• _TASK ITEM_: Exact copies of the lines from the line containing "this 2212×1659 image." through the last line of the entries below are the whole answer.

• _INPUT_:
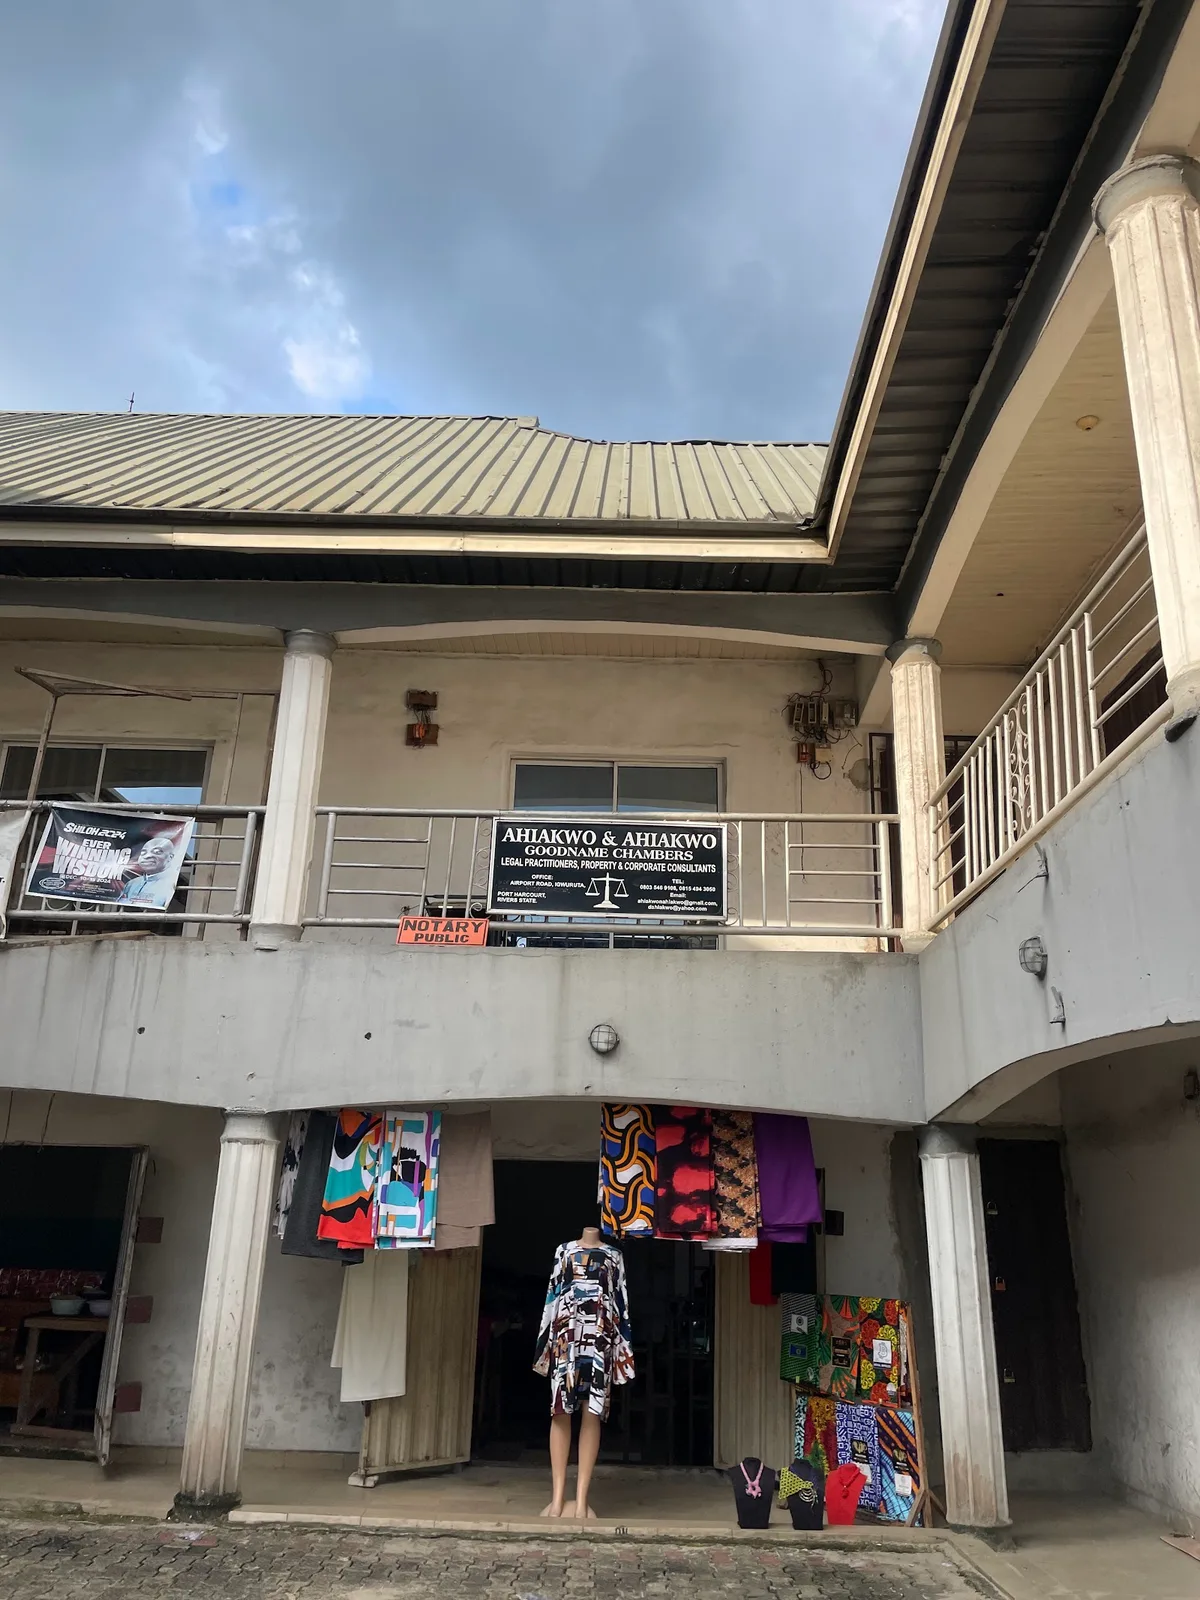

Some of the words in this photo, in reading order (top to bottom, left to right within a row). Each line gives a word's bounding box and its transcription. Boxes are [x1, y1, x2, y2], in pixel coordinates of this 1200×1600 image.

[63, 822, 100, 836] SHILOH
[98, 829, 127, 840] 2024
[501, 827, 597, 845] AHIAKWO
[601, 830, 619, 846] &
[621, 831, 717, 849] AHIAKWO
[55, 835, 132, 865] WINNING
[82, 838, 112, 850] EVER
[524, 844, 609, 859] GOODNAME
[612, 847, 694, 861] CHAMBERS
[52, 854, 124, 881] WISDOM
[500, 856, 523, 867] LEGAL
[524, 858, 580, 870] PRACTITIONERS,
[580, 860, 617, 870] PROPERTY
[618, 861, 624, 871] &
[624, 862, 666, 873] CORPORATE
[667, 863, 717, 874] CONSULTANTS
[513, 891, 547, 899] HARCOURT,
[403, 919, 484, 933] NOTARY
[413, 932, 469, 943] PUBLIC
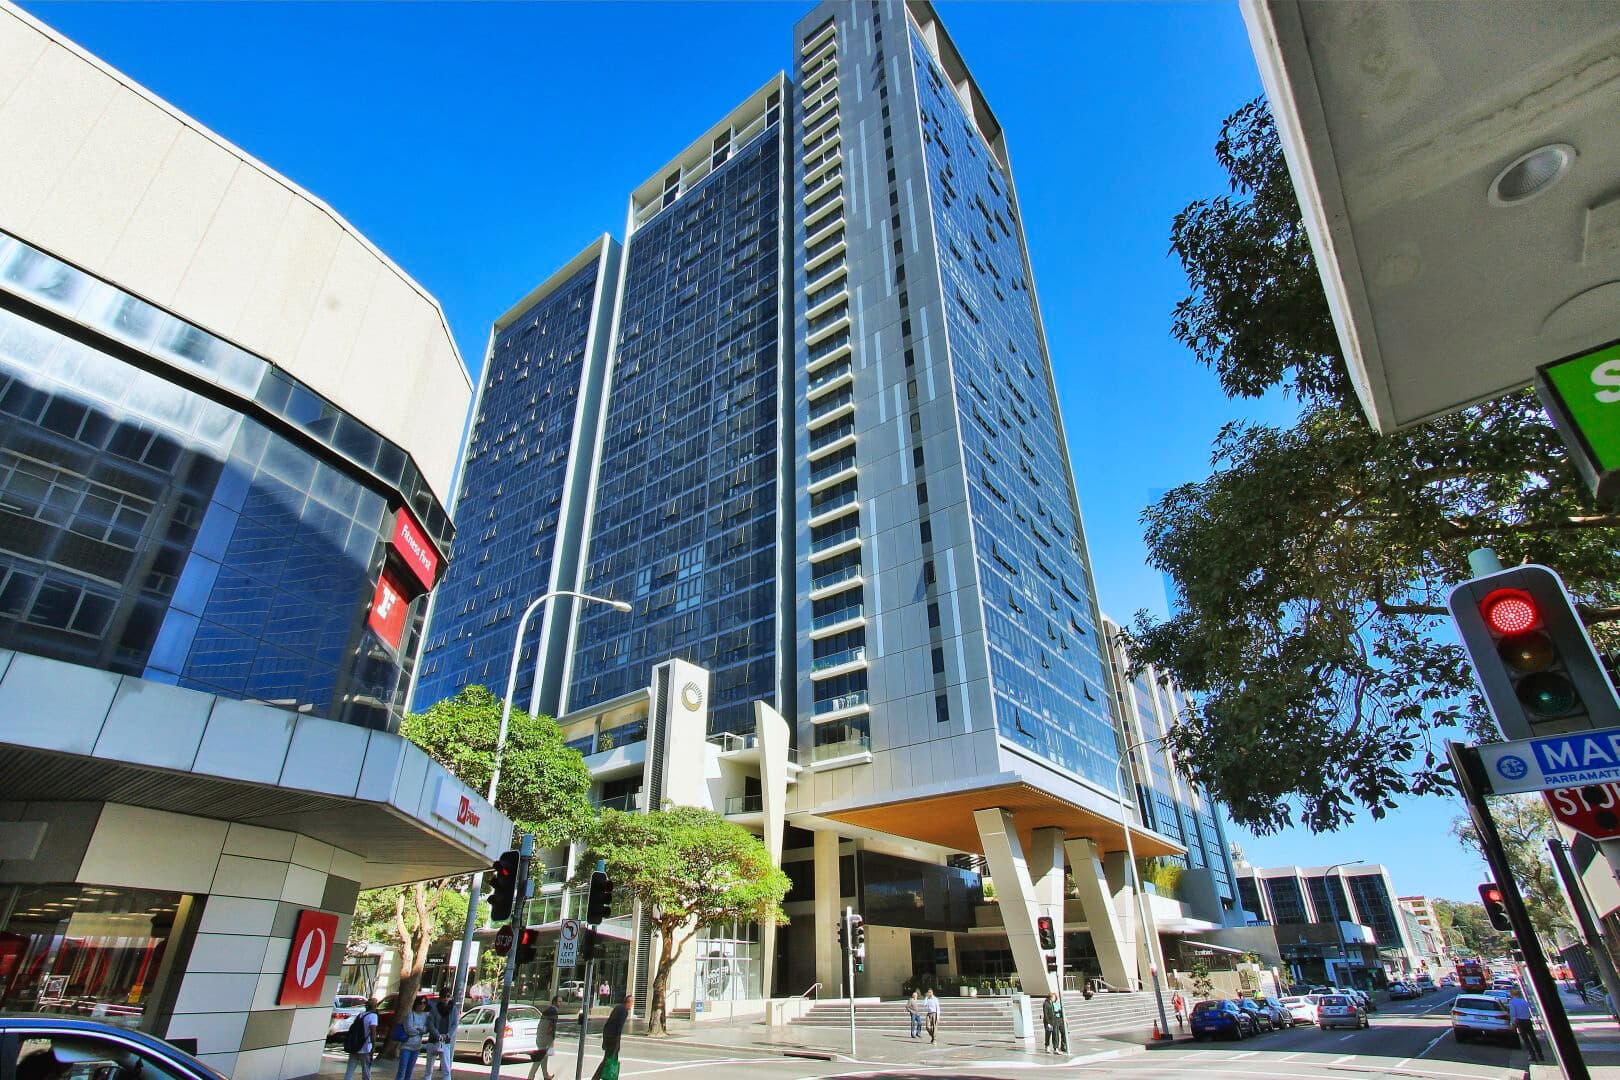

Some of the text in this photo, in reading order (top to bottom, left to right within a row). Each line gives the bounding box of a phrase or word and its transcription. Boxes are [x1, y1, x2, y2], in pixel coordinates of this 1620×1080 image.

[1590, 359, 1620, 403] S
[377, 585, 397, 620] F
[562, 942, 574, 950] NO
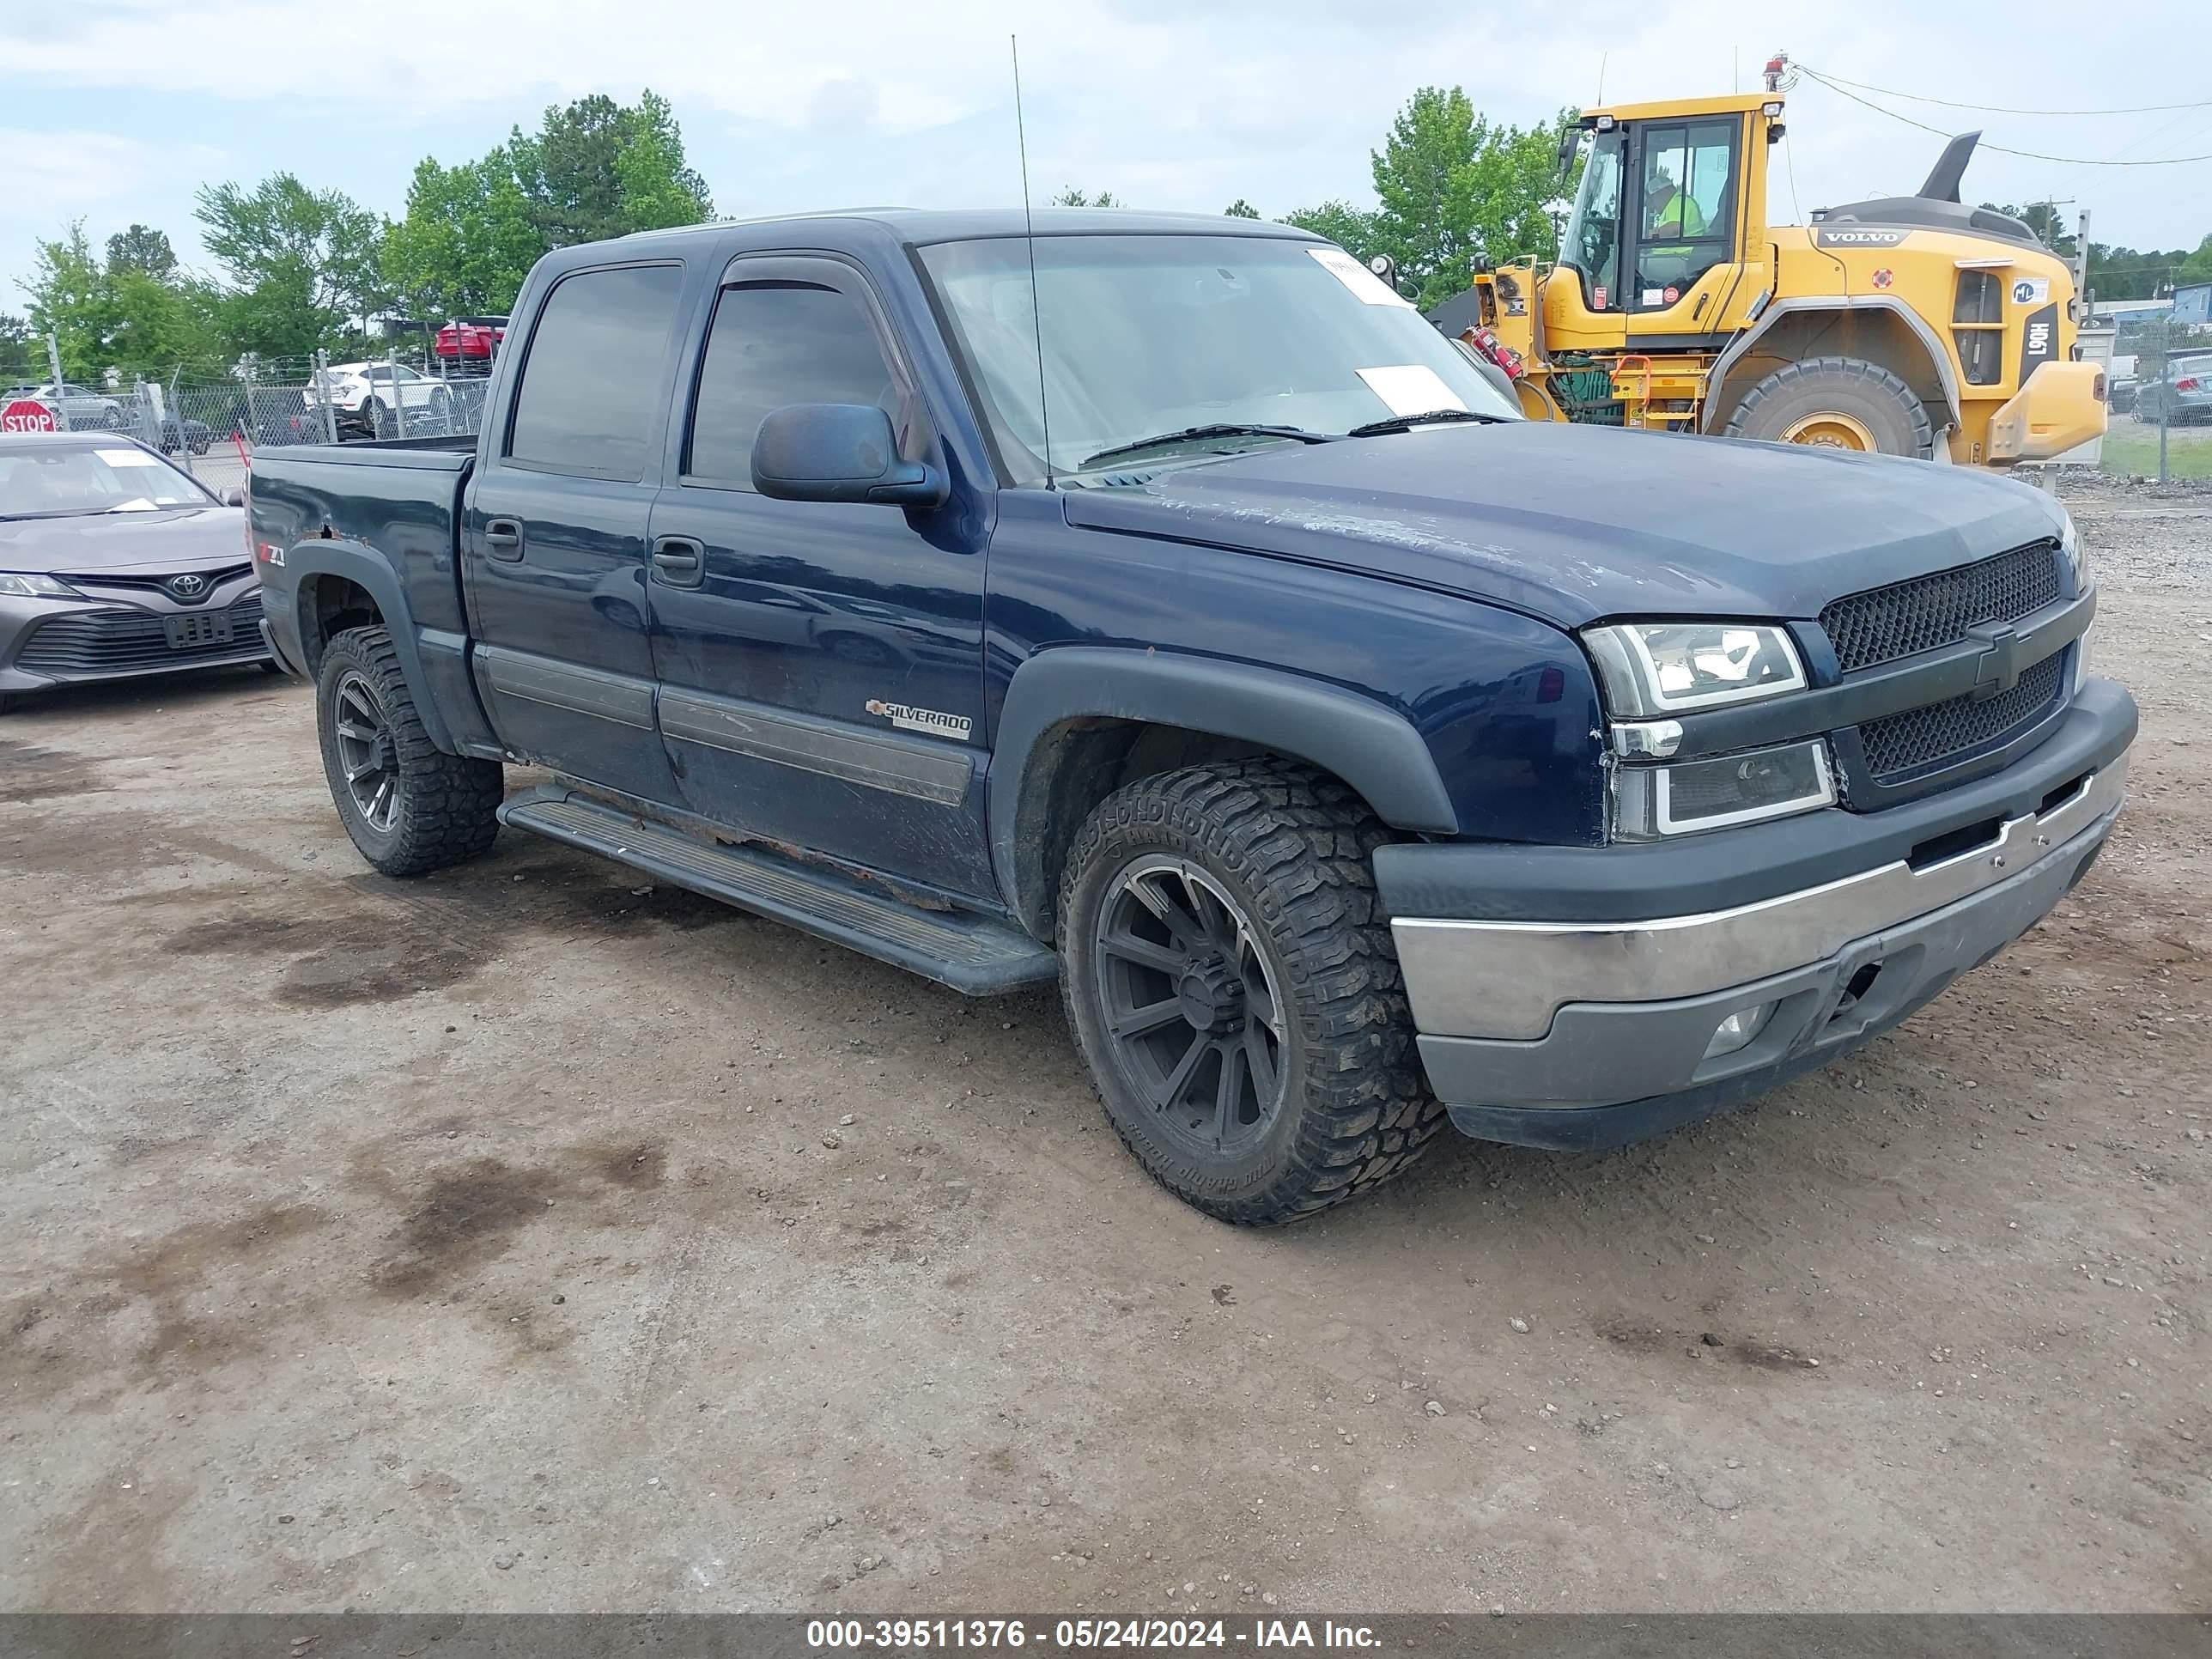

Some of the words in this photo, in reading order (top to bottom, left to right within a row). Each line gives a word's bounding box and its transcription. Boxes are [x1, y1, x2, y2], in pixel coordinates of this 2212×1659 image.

[1825, 233, 1898, 241] VOLVO
[2027, 323, 2050, 355] L90H
[5, 414, 51, 432] STOP
[885, 704, 971, 731] SILVERADO

• _SOLUTION FOR THIS TASK_:
Some of the words in this photo, in reading order (top to bottom, left to right within a row). Each line gives a word's bounding box and its transcription. Boxes are [x1, y1, x2, y2], in pixel coordinates of this 2212×1659 image.

[1825, 233, 1898, 241] VOLVO
[2027, 323, 2050, 355] L90H
[5, 414, 51, 432] STOP
[885, 704, 971, 731] SILVERADO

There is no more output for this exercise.